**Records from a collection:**
▼▼▼

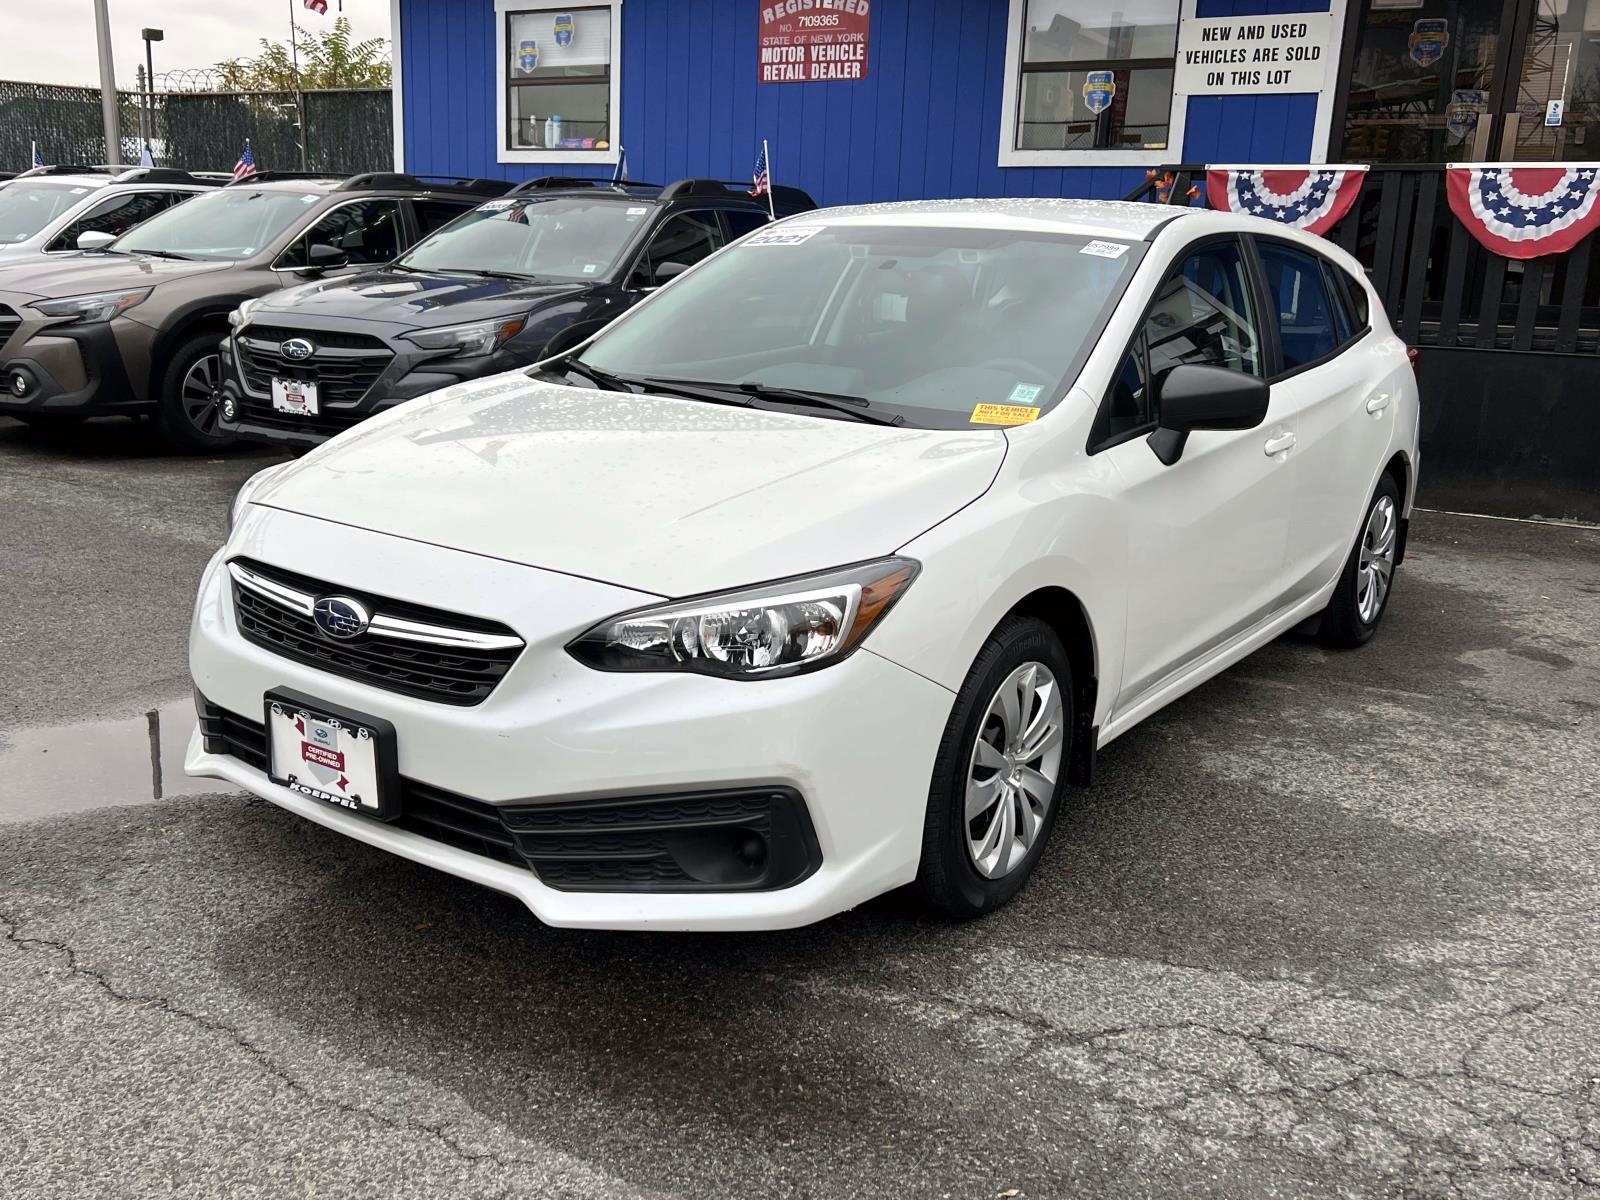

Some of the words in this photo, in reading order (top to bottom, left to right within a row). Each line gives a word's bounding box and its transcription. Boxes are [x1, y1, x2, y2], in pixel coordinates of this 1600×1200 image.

[780, 24, 794, 32] NO.
[798, 14, 839, 27] 7109365
[763, 36, 790, 45] STATE
[794, 35, 807, 44] OF
[811, 34, 833, 43] NEW
[837, 33, 864, 42] YORK
[1202, 26, 1232, 42] NEW
[1237, 25, 1265, 40] AND
[1271, 23, 1307, 39] USED
[762, 46, 805, 63] MOTOR
[811, 44, 864, 61] VEHICLE
[1186, 48, 1247, 64] VEHICLES
[1252, 47, 1280, 62] ARE
[1285, 46, 1321, 61] SOLD
[763, 64, 806, 81] RETAIL
[811, 62, 861, 79] DEALER
[1207, 72, 1225, 86] ON
[1231, 70, 1261, 85] THIS
[1266, 70, 1292, 85] LOT
[1001, 406, 1036, 414] VEHICLE
[305, 752, 340, 768] PRE-OWNED
[307, 746, 337, 760] CERTIFIED
[289, 782, 358, 810] KOEPPEL
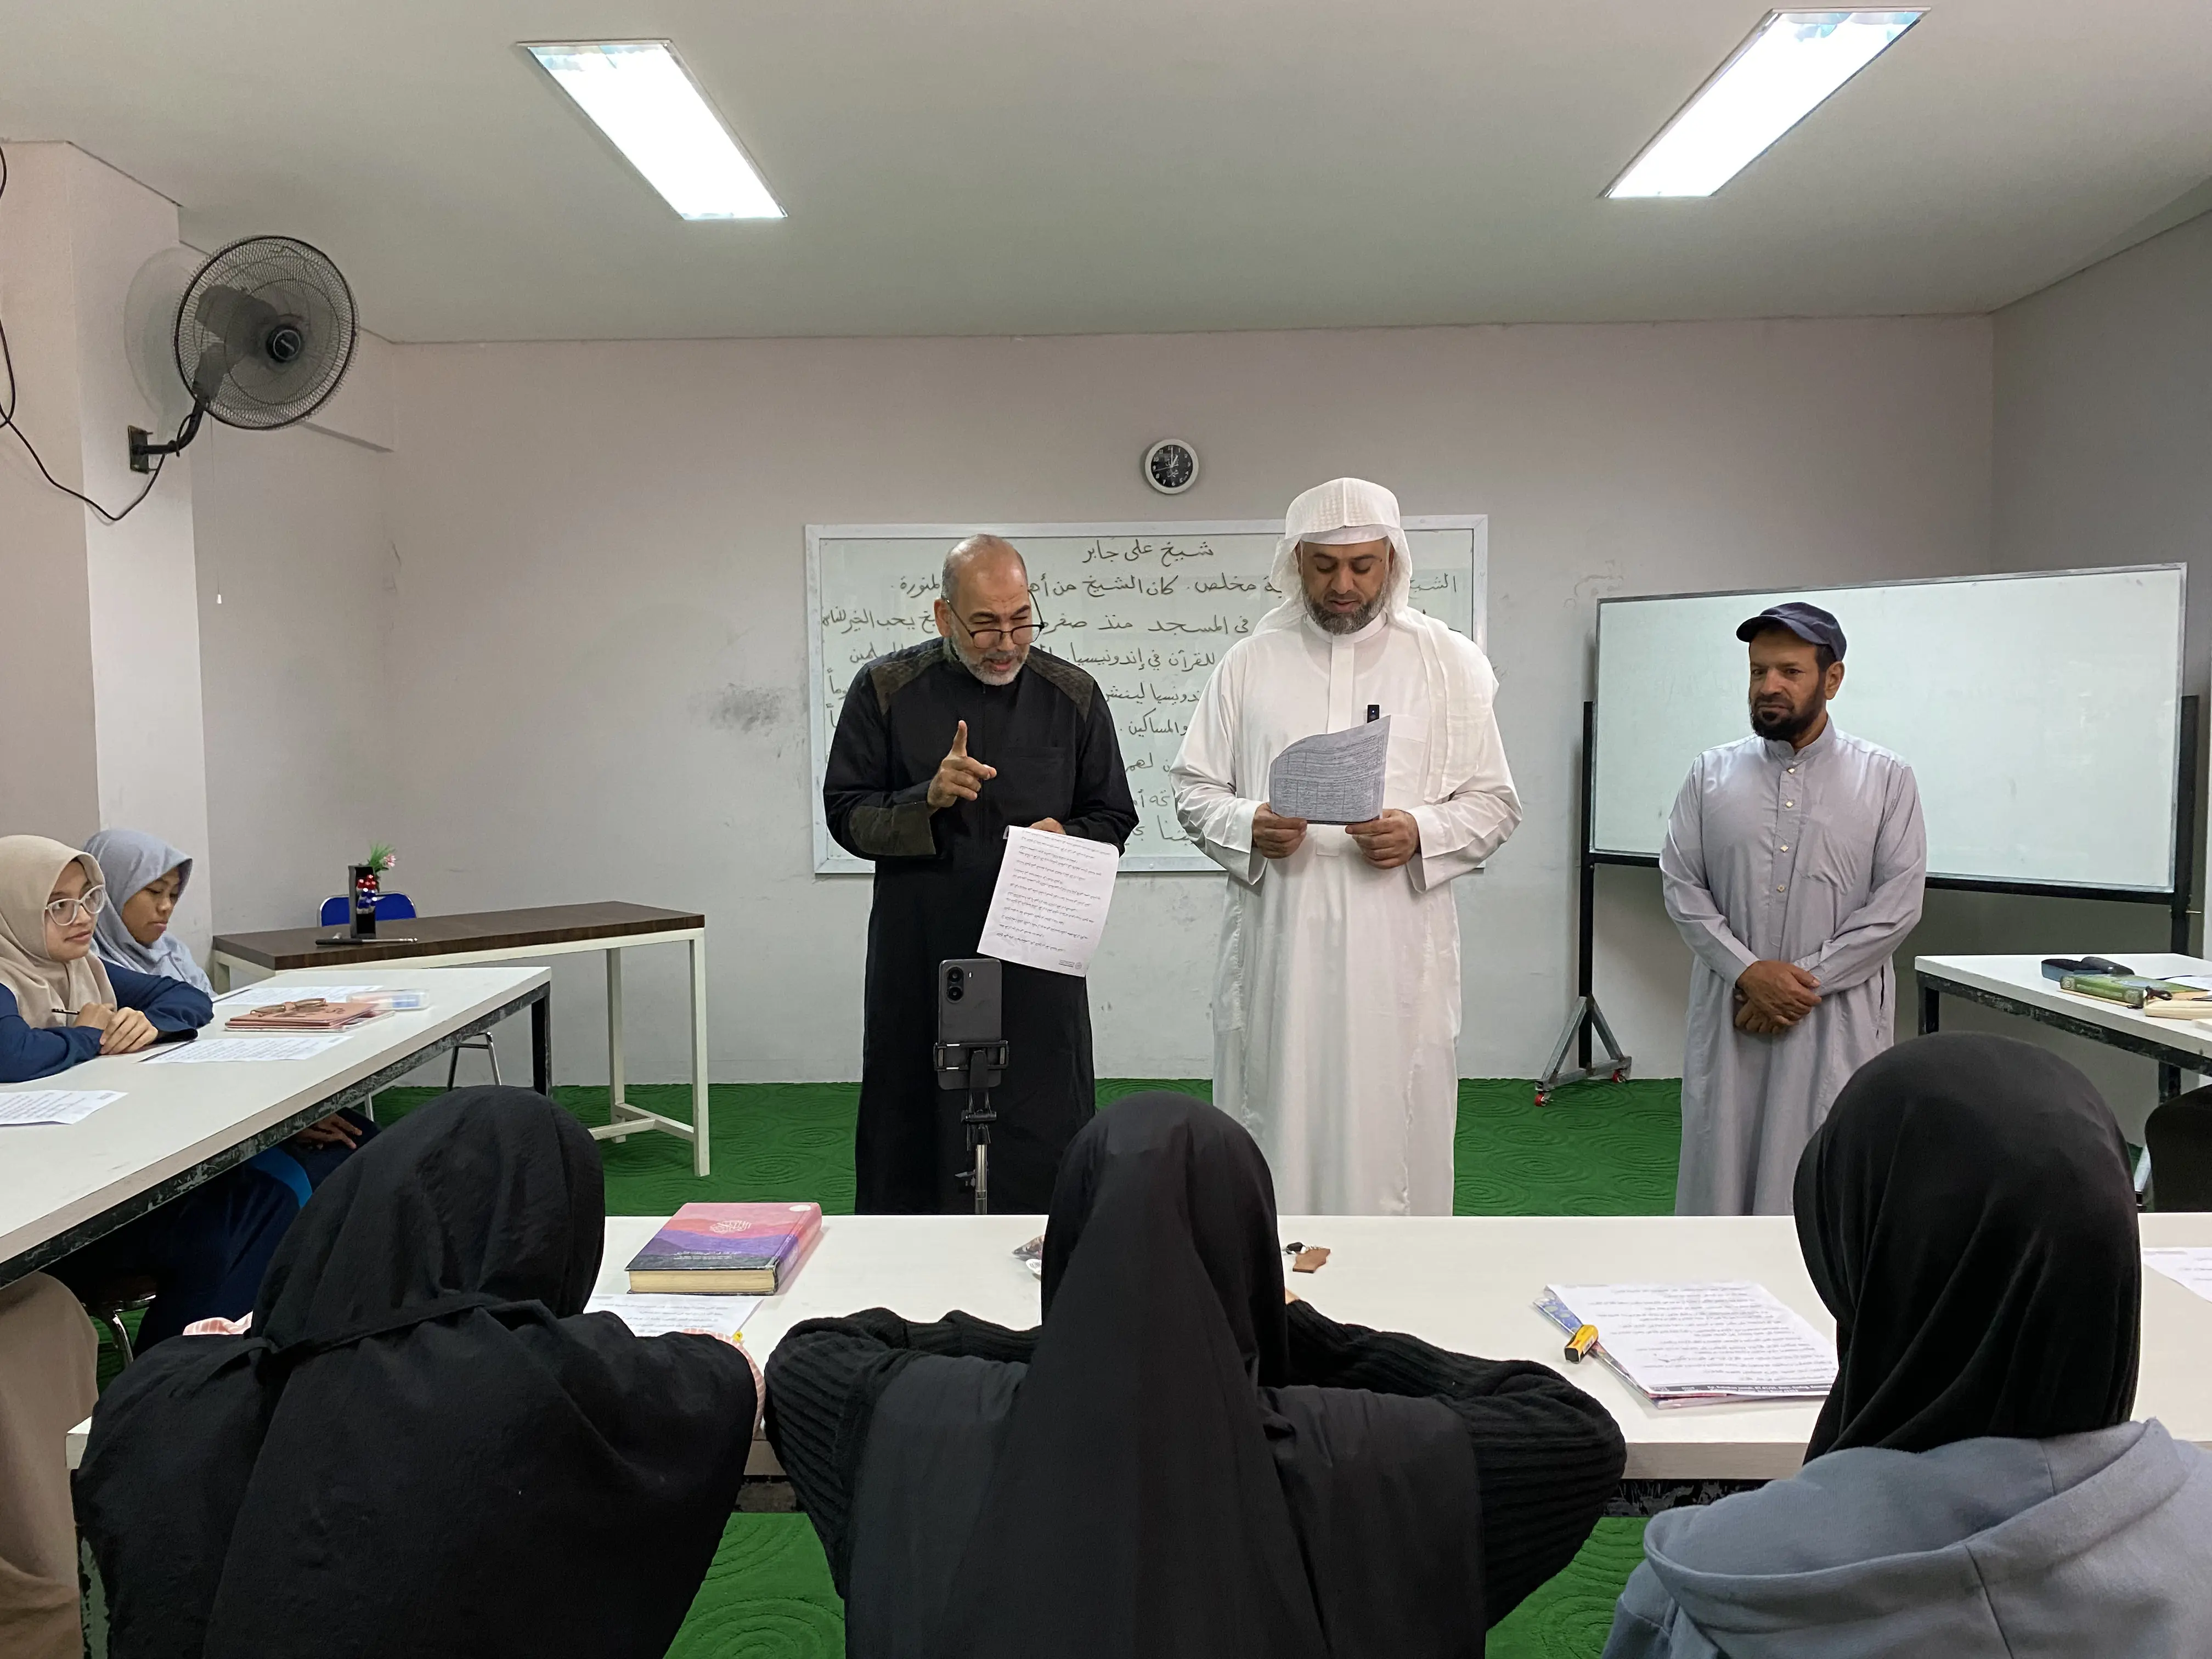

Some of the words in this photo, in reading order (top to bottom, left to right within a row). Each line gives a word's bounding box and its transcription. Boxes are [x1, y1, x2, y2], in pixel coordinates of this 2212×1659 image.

▲▲▲

**EXERCISE INSTRUCTIONS:**
The data must be repeated exactly. Any pictures in it are to be left out.

**SOLUTION FOR THIS TASK:**
Some of the words in this photo, in reading order (top to bottom, left to right within a row). Each line gives a word's bounding box and its transcription. Boxes are [x1, y1, x2, y2], in pixel coordinates of this 1600×1200 image.

[780, 24, 794, 32] NO.
[798, 14, 839, 27] 7109365
[763, 36, 790, 45] STATE
[794, 35, 807, 44] OF
[811, 34, 833, 43] NEW
[837, 33, 864, 42] YORK
[1202, 26, 1232, 42] NEW
[1237, 25, 1265, 40] AND
[1271, 23, 1307, 39] USED
[762, 46, 805, 63] MOTOR
[811, 44, 864, 61] VEHICLE
[1186, 48, 1247, 64] VEHICLES
[1252, 47, 1280, 62] ARE
[1285, 46, 1321, 61] SOLD
[763, 64, 806, 81] RETAIL
[811, 62, 861, 79] DEALER
[1207, 72, 1225, 86] ON
[1231, 70, 1261, 85] THIS
[1266, 70, 1292, 85] LOT
[1001, 406, 1036, 414] VEHICLE
[305, 752, 340, 768] PRE-OWNED
[307, 746, 337, 760] CERTIFIED
[289, 782, 358, 810] KOEPPEL

Some of the words in this photo, in reading order (top to bottom, left to right within a row). Each line gives a word's bounding box and its transcription. Boxes are [x1, y1, x2, y2], in pixel coordinates of this 2212×1659 image.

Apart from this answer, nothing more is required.